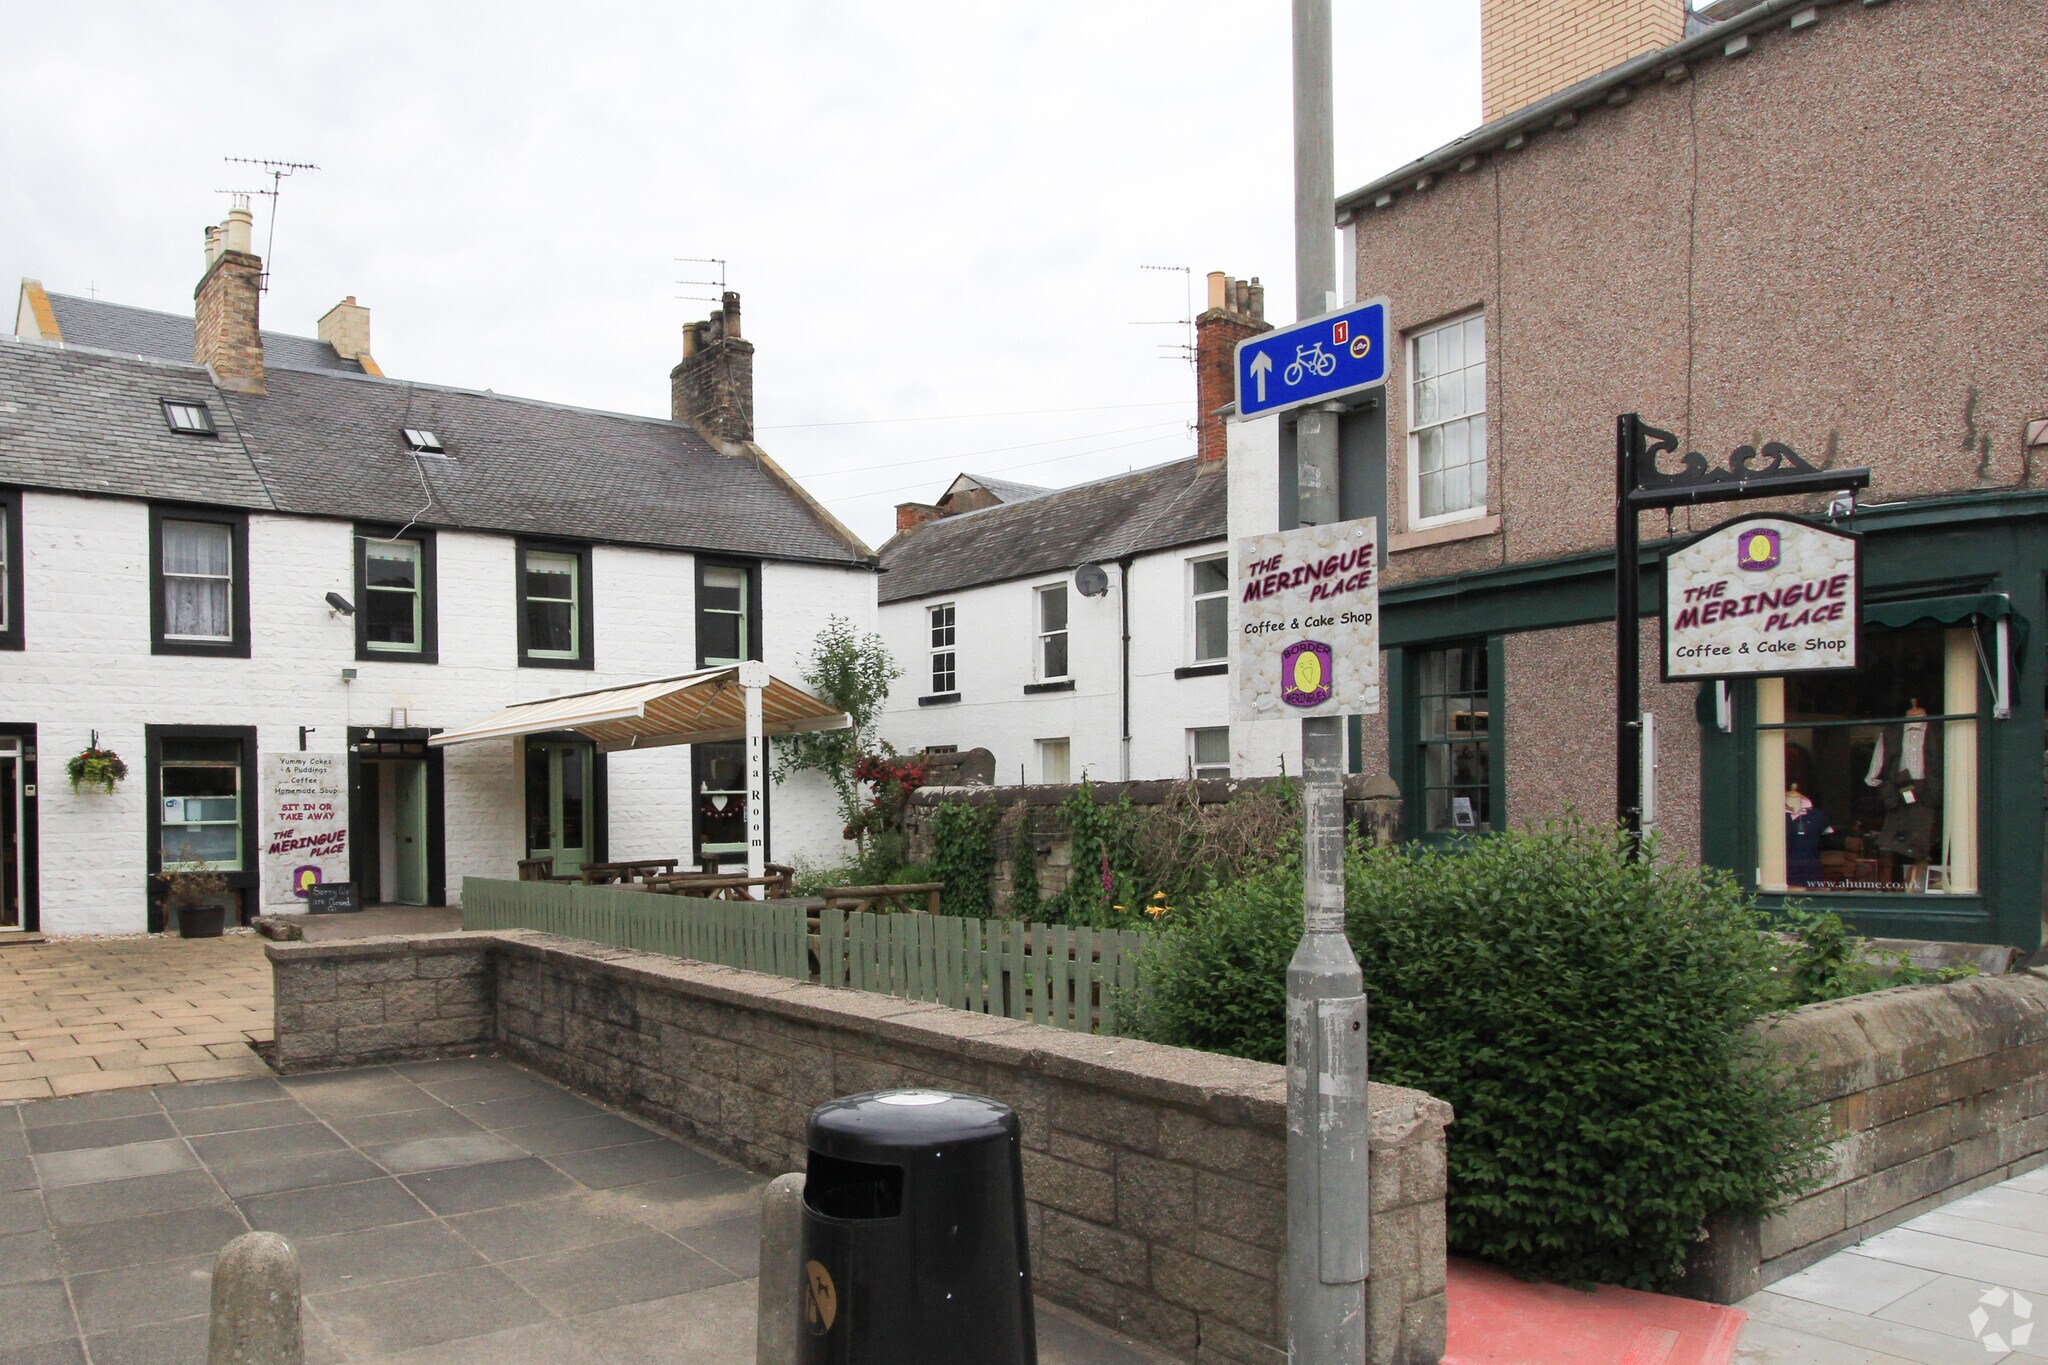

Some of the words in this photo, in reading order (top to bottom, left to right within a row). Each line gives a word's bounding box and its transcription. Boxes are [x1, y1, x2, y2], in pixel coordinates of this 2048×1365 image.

[1338, 326, 1343, 340] 1
[1243, 542, 1374, 604] MERINGUE
[1249, 553, 1283, 577] THE
[1309, 570, 1372, 603] PLACE
[1683, 580, 1729, 604] THE
[1674, 573, 1849, 631] MERINGUE
[1244, 622, 1285, 635] Coffee
[1290, 618, 1300, 630] &
[1304, 614, 1335, 628] Cake
[1340, 611, 1373, 625] Shop
[1763, 601, 1846, 633] PLACE
[1283, 643, 1331, 659] BORDER
[1676, 644, 1731, 658] Coffee
[1738, 642, 1750, 654] &
[1757, 639, 1797, 653] Cake
[1804, 637, 1847, 653] Shop
[1286, 691, 1327, 703] MERINGUES
[279, 758, 307, 766] Yummy
[309, 757, 332, 765] Cakes
[751, 736, 760, 778] Tea
[294, 766, 327, 775] Puddings
[274, 787, 316, 795] Homemade
[319, 787, 338, 796] Soup
[281, 803, 301, 811] SIT
[303, 803, 316, 811] IN
[319, 803, 332, 811] OR
[279, 812, 303, 821] TAKE
[307, 812, 335, 820] AWAY
[751, 790, 762, 847] Room
[268, 829, 347, 855] MERINGUE
[273, 829, 294, 840] THE
[309, 843, 345, 858] PLACE
[1806, 878, 1921, 890] www.ahume.co.uk
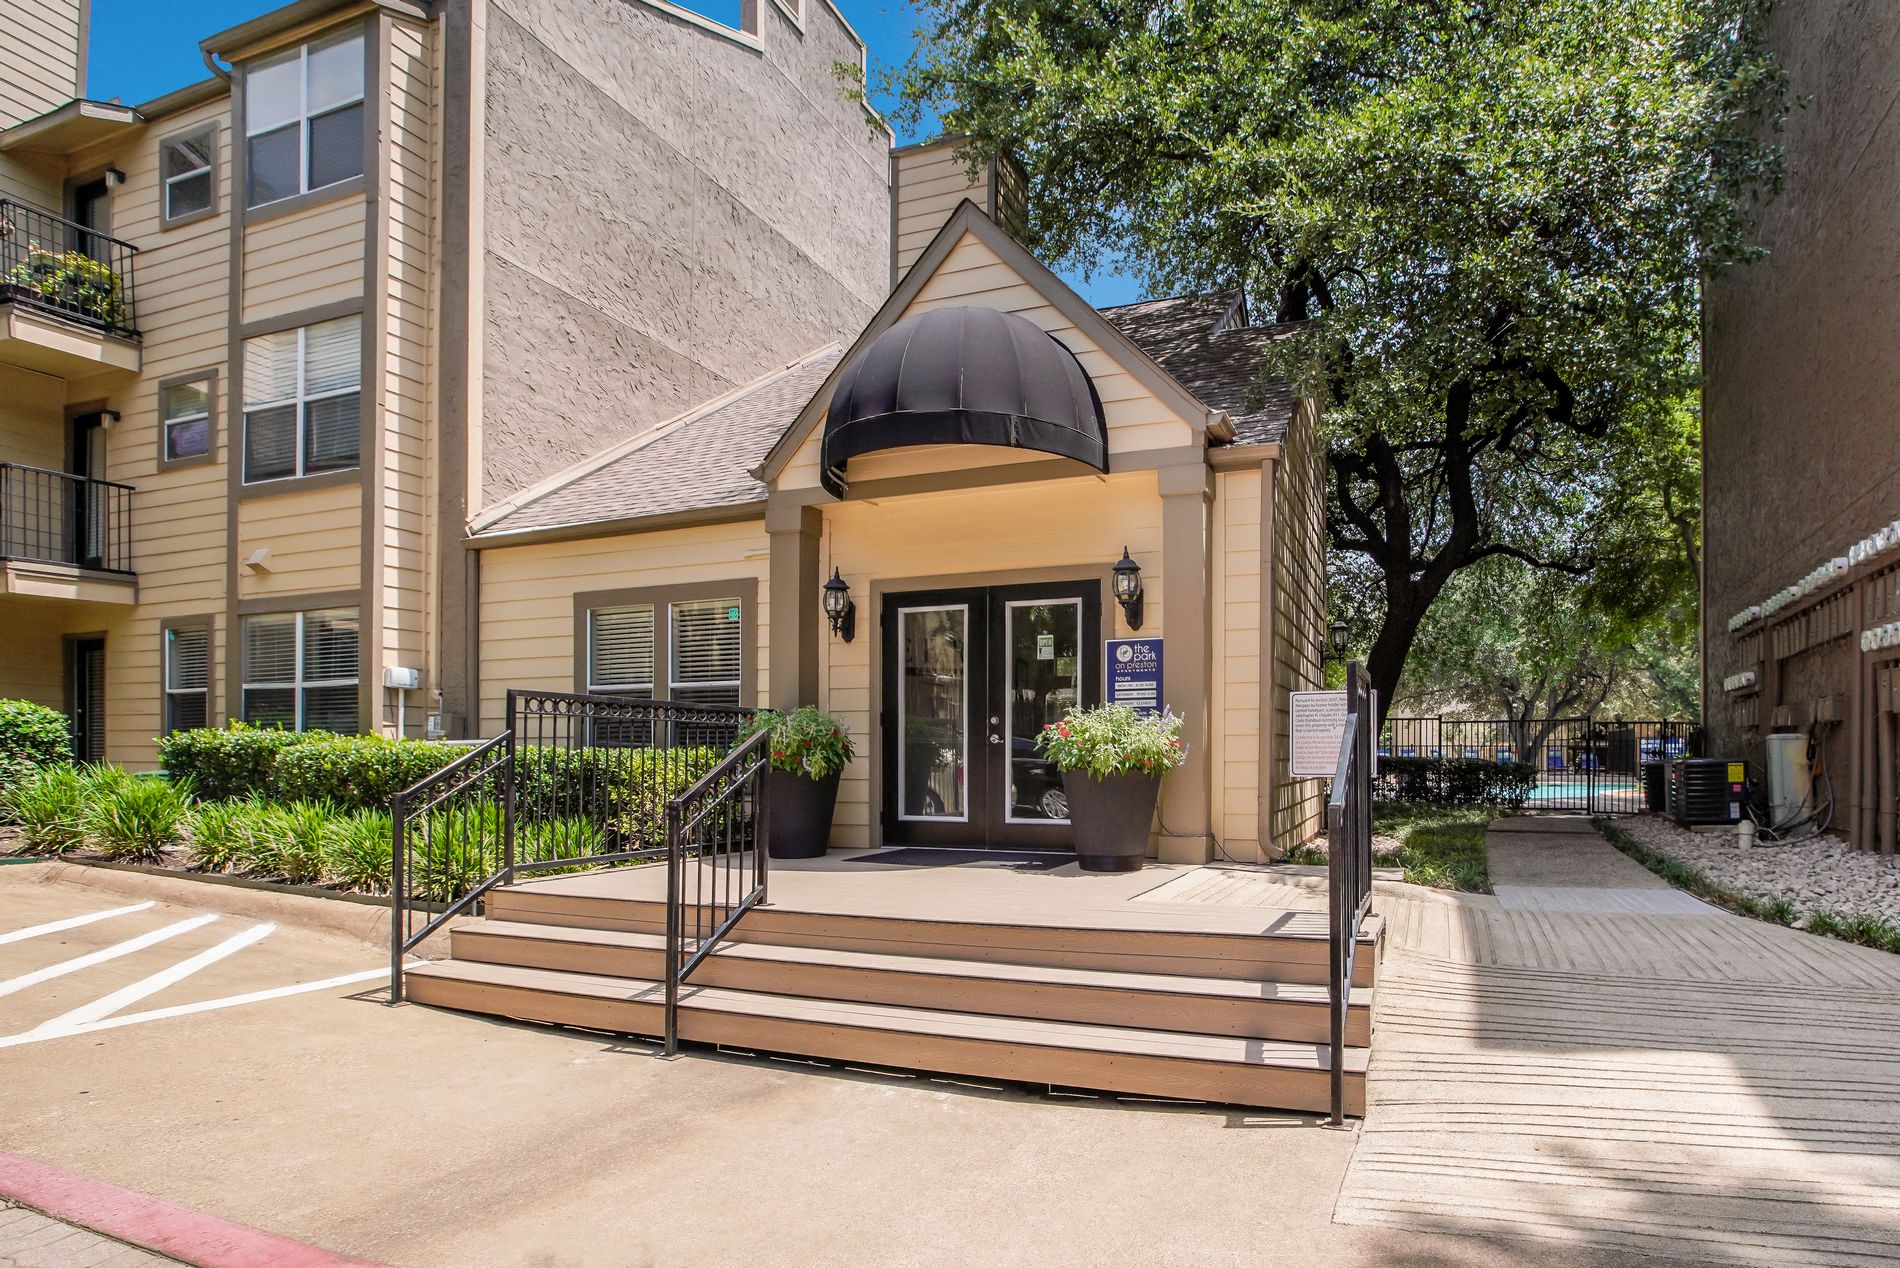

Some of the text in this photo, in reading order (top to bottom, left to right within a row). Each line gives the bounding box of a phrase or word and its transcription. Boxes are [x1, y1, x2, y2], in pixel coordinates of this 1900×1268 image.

[1134, 643, 1150, 653] the
[1134, 651, 1157, 662] park
[1127, 661, 1157, 670] preston
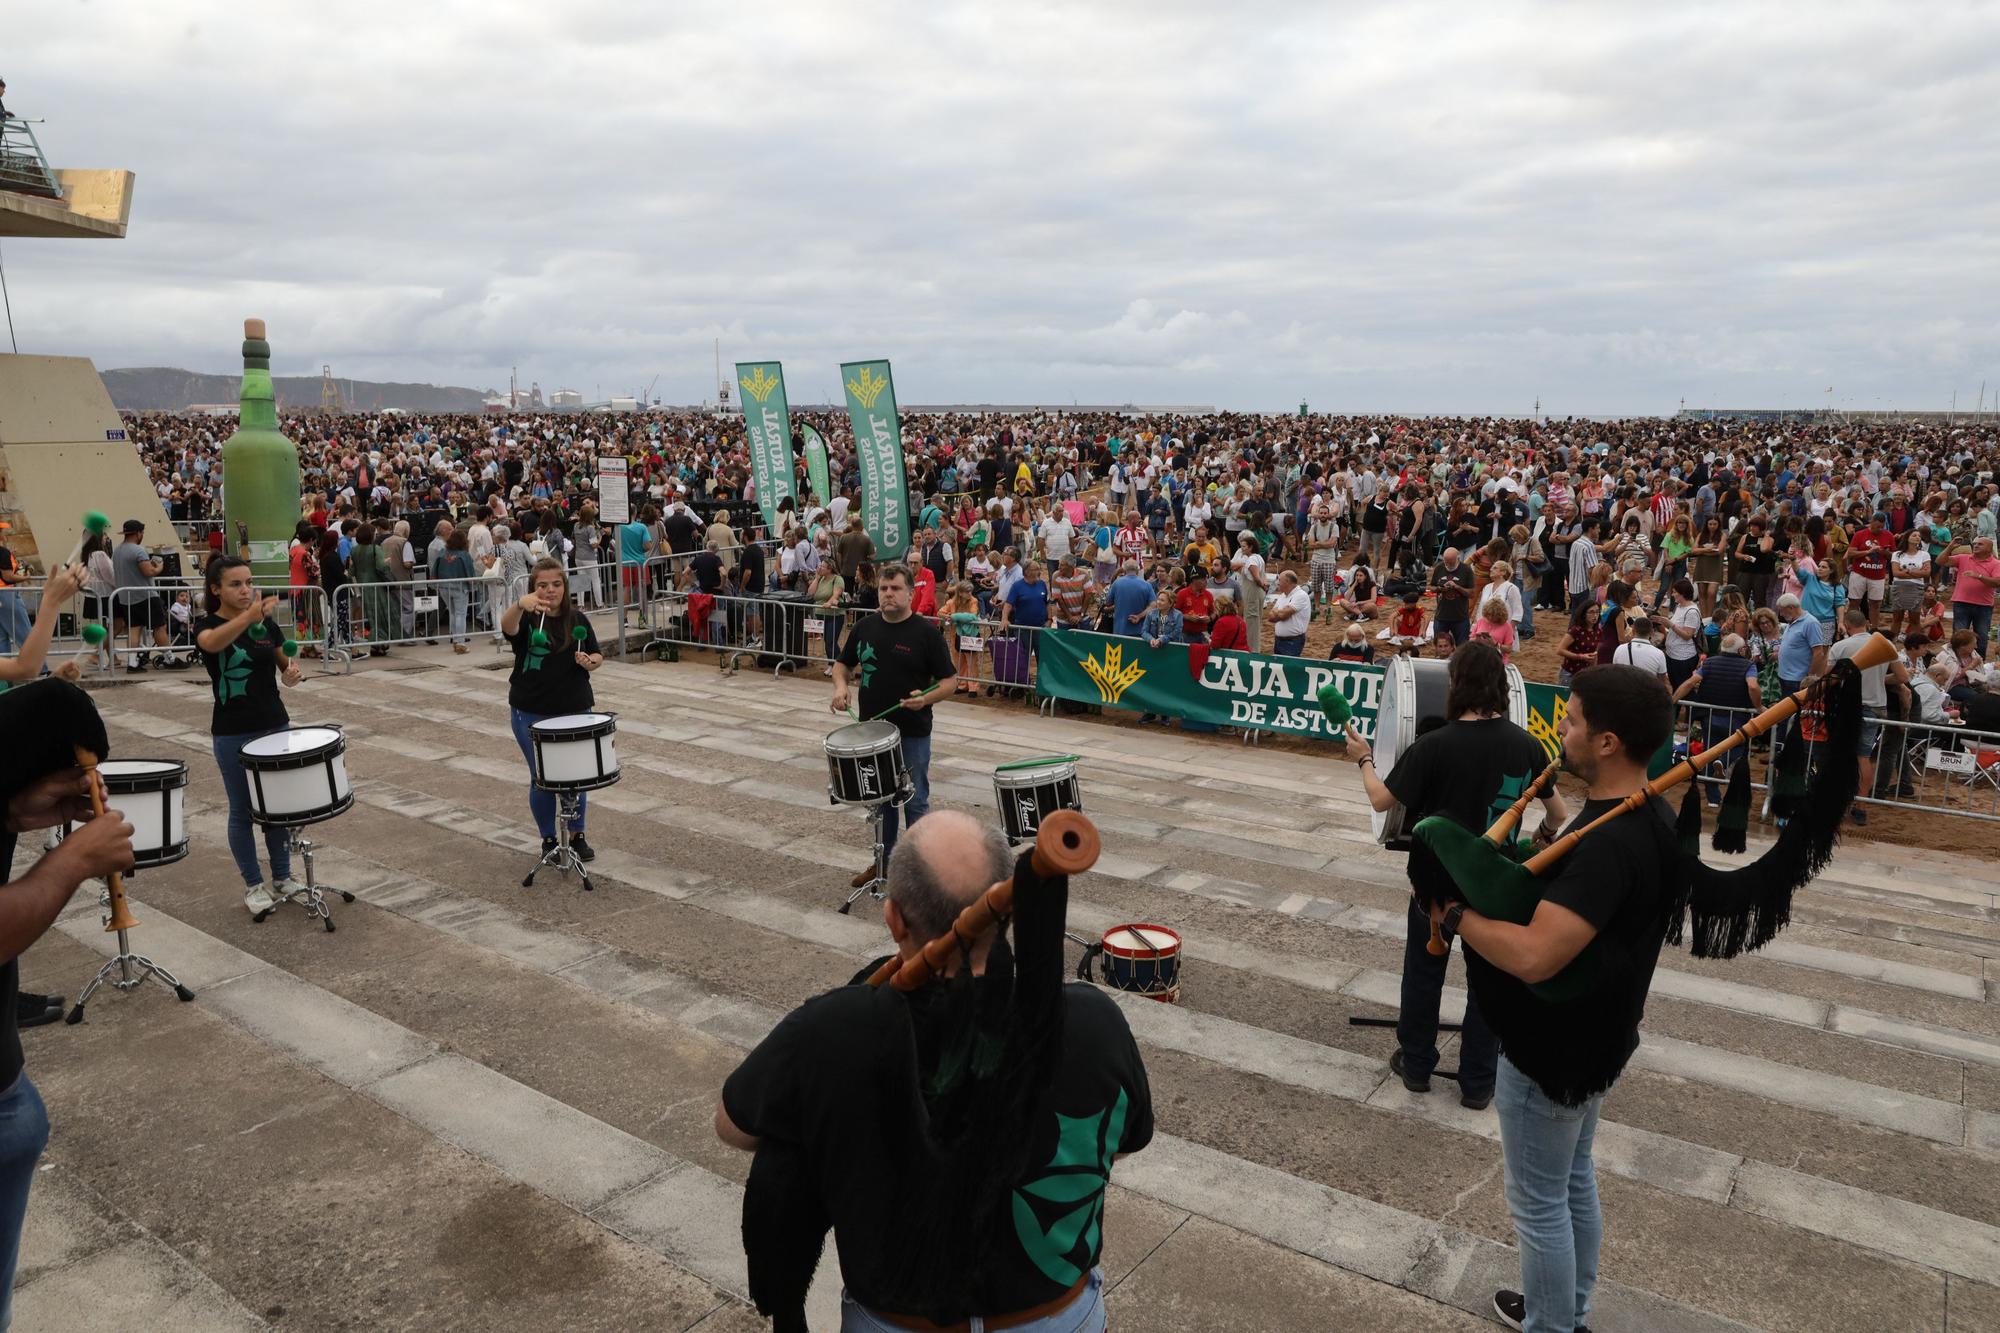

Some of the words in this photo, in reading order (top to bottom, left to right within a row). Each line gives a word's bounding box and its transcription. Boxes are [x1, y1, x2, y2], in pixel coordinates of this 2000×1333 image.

[1199, 655, 1294, 699] CAJA
[1230, 700, 1267, 724] DE
[1271, 706, 1377, 740] ASTURI
[859, 761, 877, 795] Pearl
[1017, 793, 1038, 832] Pearl
⁂
__Problem to work on__.
Each line from the one with "this 2000×1333 image." to the end of the material should be duplicated exactly, and no other line.

__Solution to the problem__.
Some of the words in this photo, in reading order (top to bottom, left to right within a row). Each line gives a word's bounding box and its transcription. Boxes are [x1, y1, x2, y2], in pixel coordinates of this 2000×1333 image.

[1199, 655, 1294, 699] CAJA
[1230, 700, 1267, 724] DE
[1271, 706, 1377, 740] ASTURI
[859, 761, 877, 795] Pearl
[1017, 793, 1038, 832] Pearl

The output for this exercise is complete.